Skip to content

Voice

Speech-to-text and text-to-speech — the push-to-talk composer and spoken replies. Verified against api/routes.py, api/upload.py.


POST /api/transcribe — speech → text (multipart)

multipart/form-data with a single file field file (the audio). Note: no session_id — transcription is stateless.

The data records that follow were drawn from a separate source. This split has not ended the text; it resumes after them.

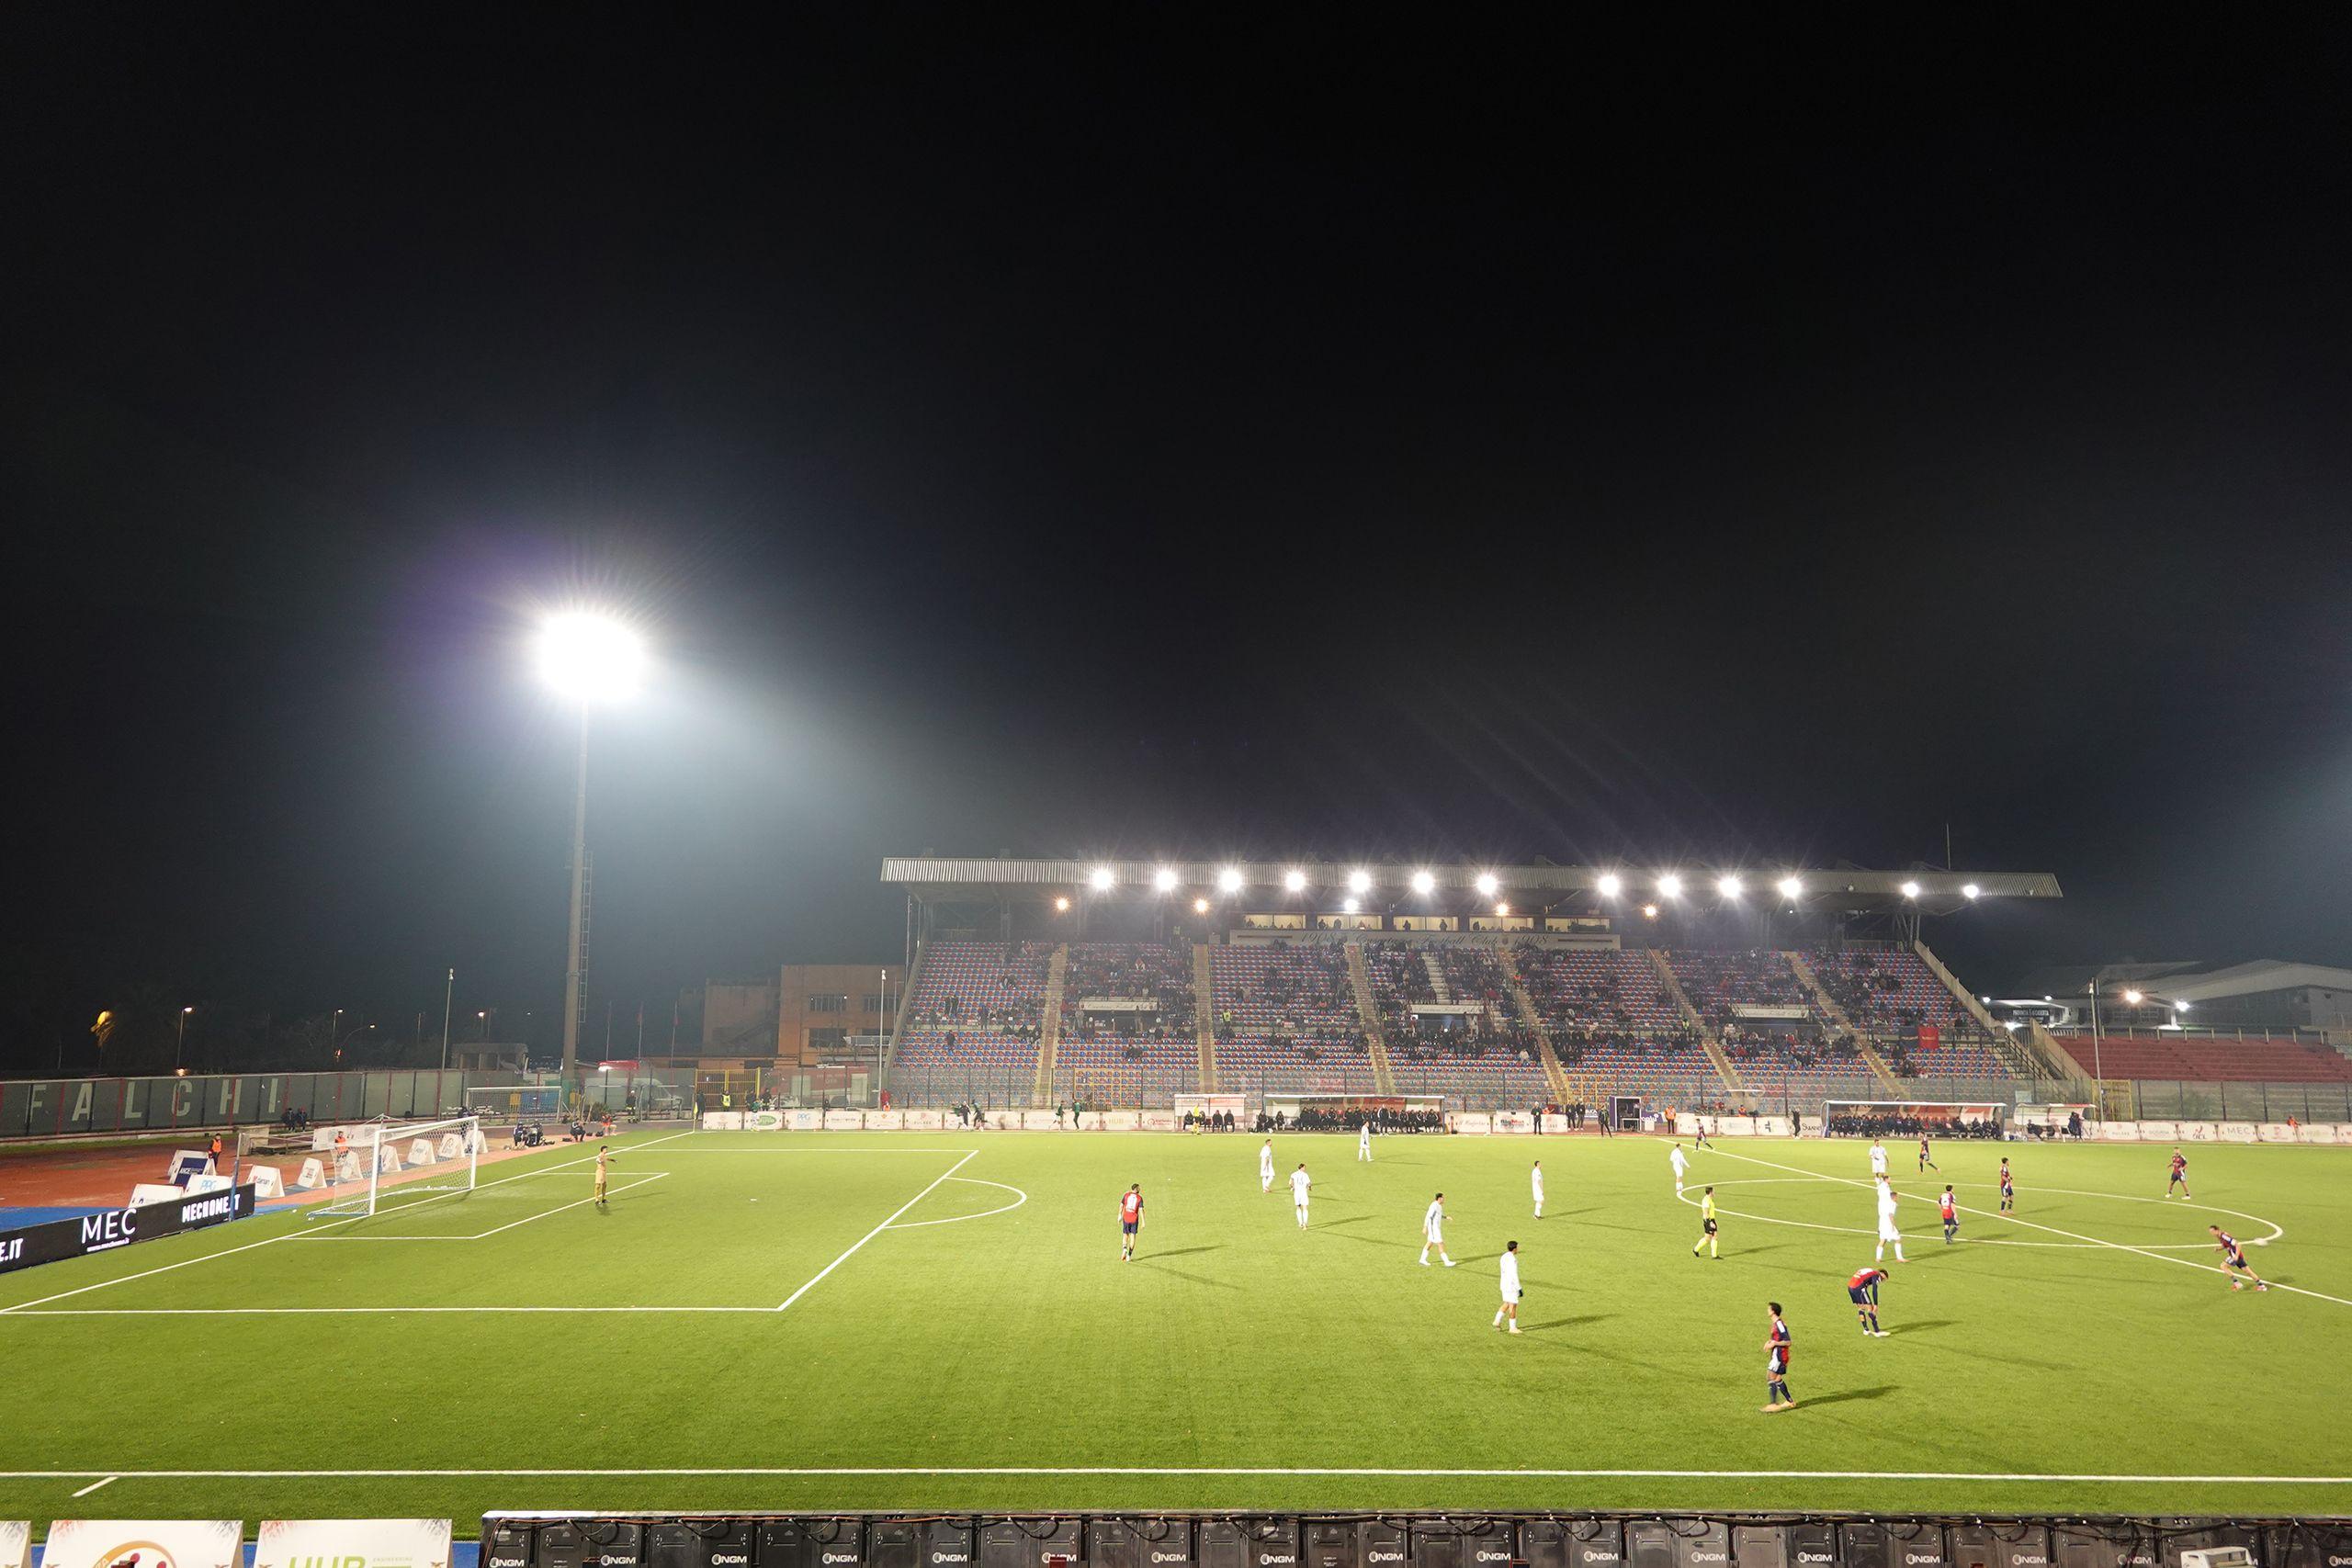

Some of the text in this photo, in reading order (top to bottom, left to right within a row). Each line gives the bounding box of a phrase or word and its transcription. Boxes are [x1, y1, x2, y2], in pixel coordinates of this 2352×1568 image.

[26, 1078, 279, 1122] FALCHI
[182, 1194, 240, 1223] MECHOME.T
[82, 1208, 137, 1244] MEC
[608, 1556, 636, 1564] NGM
[719, 1555, 747, 1563] NGM
[831, 1554, 857, 1562] NGM
[941, 1554, 967, 1562] NGM
[1159, 1553, 1186, 1562] NGM
[1268, 1555, 1295, 1563] NGM
[1376, 1552, 1403, 1561] NGM
[1485, 1552, 1511, 1561] NGM
[1591, 1552, 1619, 1561] NGM
[1805, 1553, 1832, 1562] NGM
[1913, 1555, 1940, 1563] NGM
[2020, 1555, 2046, 1563] NGM
[497, 1559, 525, 1567] NGM
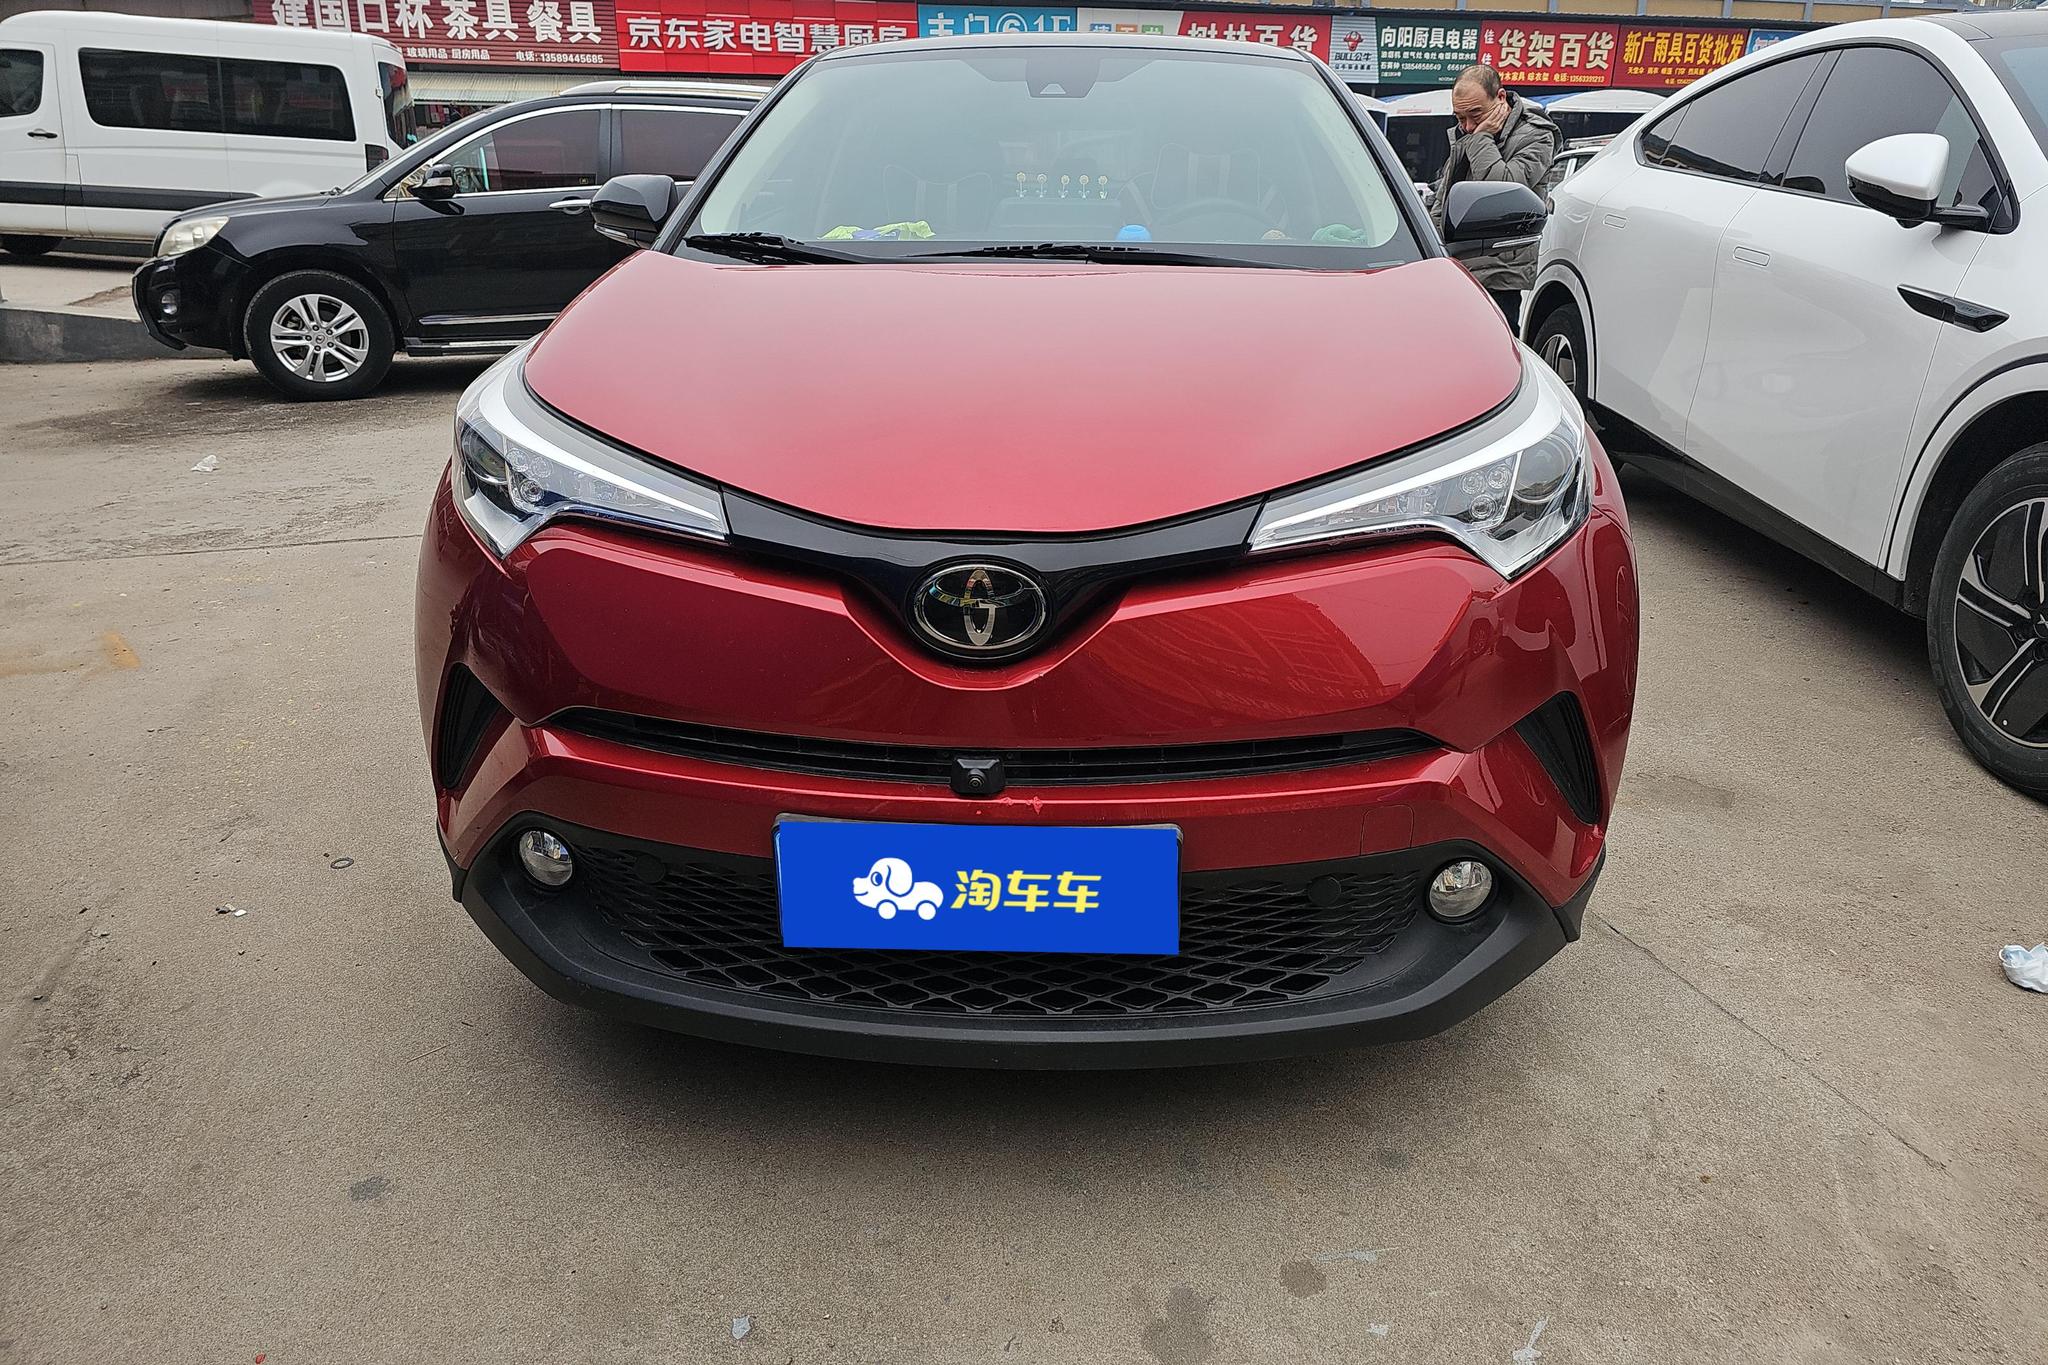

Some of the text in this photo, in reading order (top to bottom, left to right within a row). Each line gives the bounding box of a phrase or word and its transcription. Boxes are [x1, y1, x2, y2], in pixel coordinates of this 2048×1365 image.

[1380, 25, 1478, 50] 向阳厨具电器
[1498, 29, 1615, 70] 货架百货
[1622, 30, 1745, 65] 新广雨具百货批发
[407, 47, 448, 59] 玻璃用品
[452, 48, 490, 61] 厨房用品

Response (success){ "ok": true, "transcript": "…" }. Failure{ "error": "…" } (the server returns a JSON error body even on non-2xx, so a client can decode it uniformly).

Status Meaning
413 audio exceeds the max upload size
400 no file / no filename / transcription failed
503 speech-to-text unavailable — the STT module or provider isn't configured
401 not authenticated

POST /api/tts — text → speech

Body (JSON)

{
  "text": "…",                       // required, ≤ 5000 chars
  "voice": "zh-CN-XiaoxiaoNeural",   // default
  "rate": "…", "pitch": "…",         // string or number
  "engine": "edge"                   // edge (default) | elevenlabs | openai | browser
}

Response (success) — raw audio bytes (fully buffered, with Content-Length). Play them directly.

Status Meaning
400 invalid body / empty text / text too long / bad rate·pitch
429 rate-limited (a short per-client window)
503 the selected engine's provider key is missing (e.g. an ElevenLabs key)
401 not authenticated

Engine choice

engine: "browser" signals the client to use on-device speech synthesis instead of a server round-trip — useful offline or to avoid provider cost. edge is the default server engine and needs no key; elevenlabs/openai need their respective provider keys configured on the server.